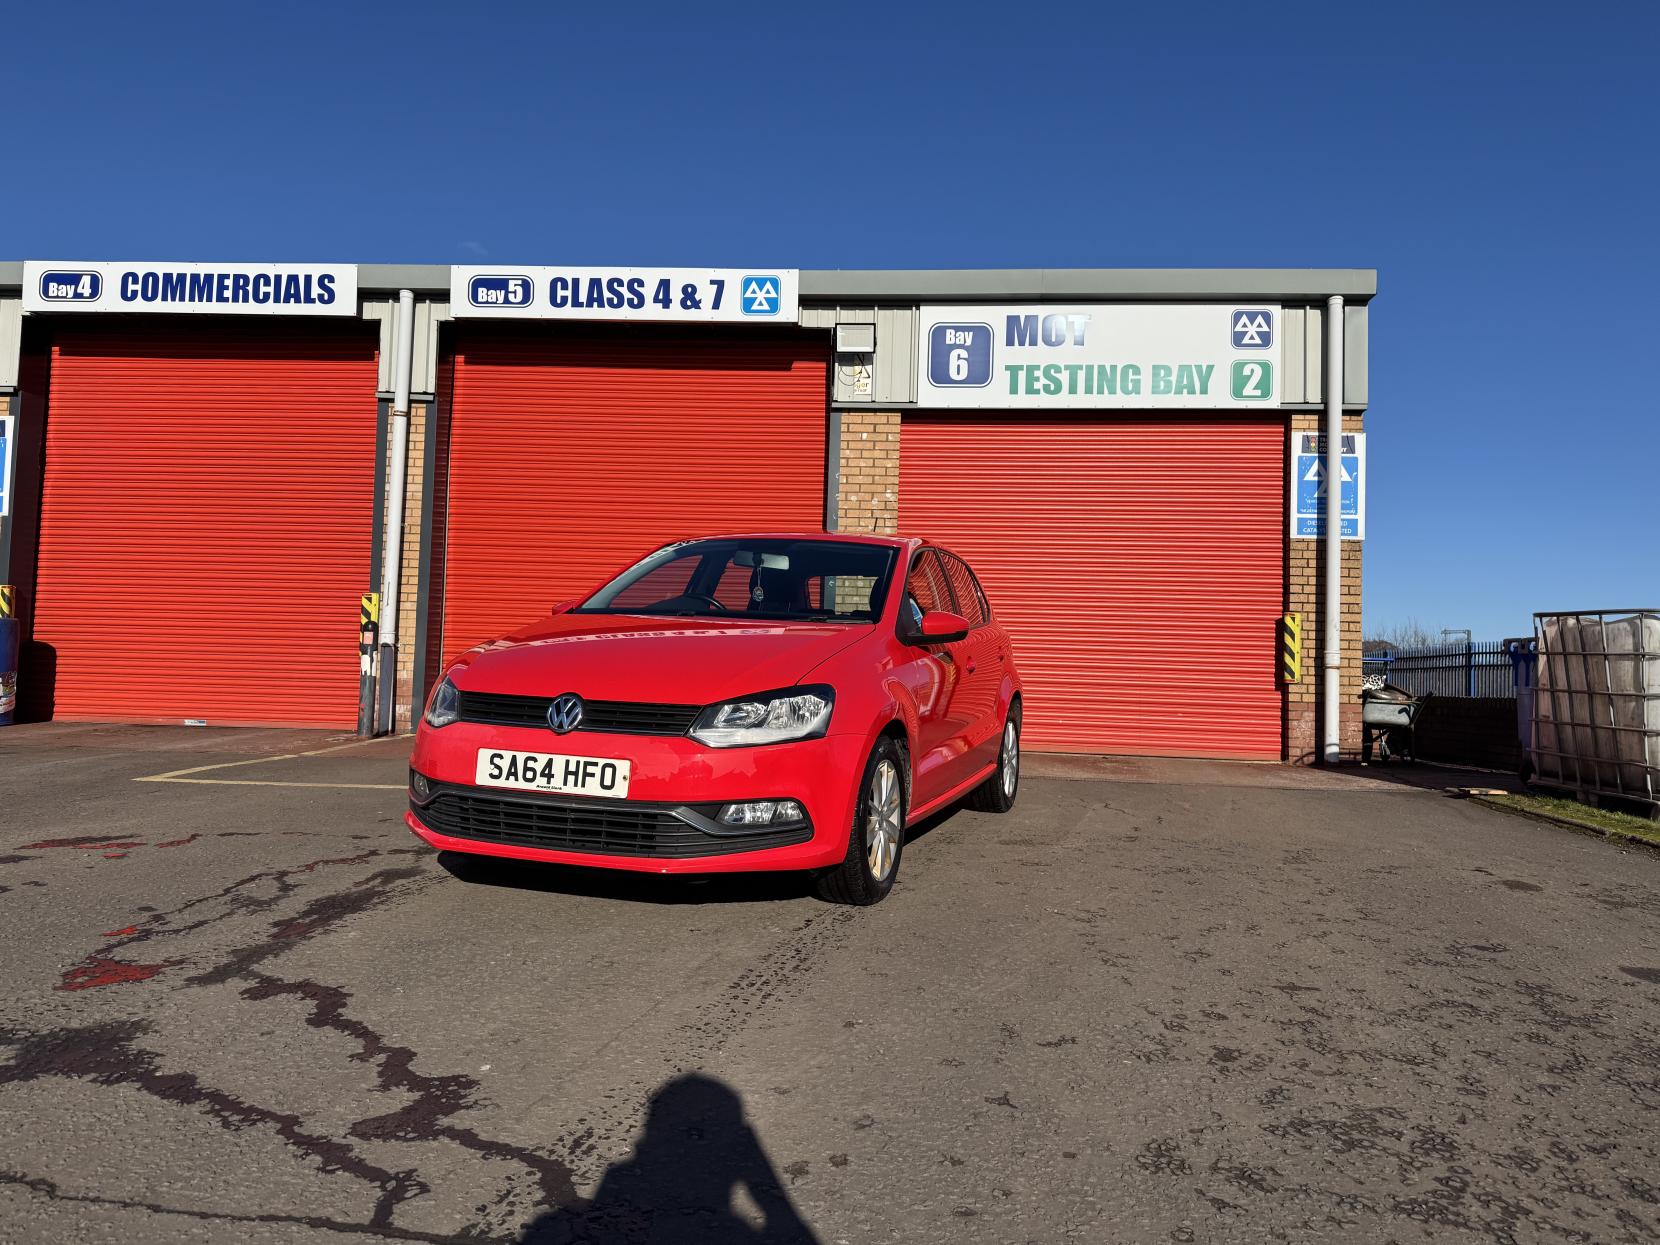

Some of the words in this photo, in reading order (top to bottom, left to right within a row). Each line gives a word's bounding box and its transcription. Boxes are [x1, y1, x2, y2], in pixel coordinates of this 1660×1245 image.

[48, 282, 75, 299] Bay
[77, 274, 92, 297] 4
[120, 271, 336, 305] COMMERCIALS
[477, 287, 505, 304] Bay
[508, 279, 524, 303] 5
[549, 276, 646, 310] CLASS
[652, 278, 673, 310] 4
[679, 283, 703, 311] &
[709, 279, 726, 311] 7
[945, 328, 974, 346] Bay
[1005, 313, 1093, 347] MOT
[948, 348, 969, 381] 6
[1004, 363, 1142, 396] TESTING
[1151, 364, 1216, 396] BAY
[1242, 362, 1263, 397] 2
[488, 752, 555, 785] SA64
[563, 758, 617, 790] HFO
○ ○ ○ ○ ○
Print the listing word for word, but omit the pictures.

Some of the words in this photo, in reading order (top to bottom, left to right within a row). Each line gives a word's bounding box and its transcription. Boxes are [x1, y1, x2, y2], in pixel coordinates of this 1660×1245 image.

[48, 282, 75, 299] Bay
[77, 274, 92, 297] 4
[120, 271, 336, 305] COMMERCIALS
[477, 287, 505, 304] Bay
[508, 279, 524, 303] 5
[549, 276, 646, 310] CLASS
[652, 278, 673, 310] 4
[679, 283, 703, 311] &
[709, 279, 726, 311] 7
[945, 328, 974, 346] Bay
[1005, 313, 1093, 347] MOT
[948, 348, 969, 381] 6
[1004, 363, 1142, 396] TESTING
[1151, 364, 1216, 396] BAY
[1242, 362, 1263, 397] 2
[488, 752, 555, 785] SA64
[563, 758, 617, 790] HFO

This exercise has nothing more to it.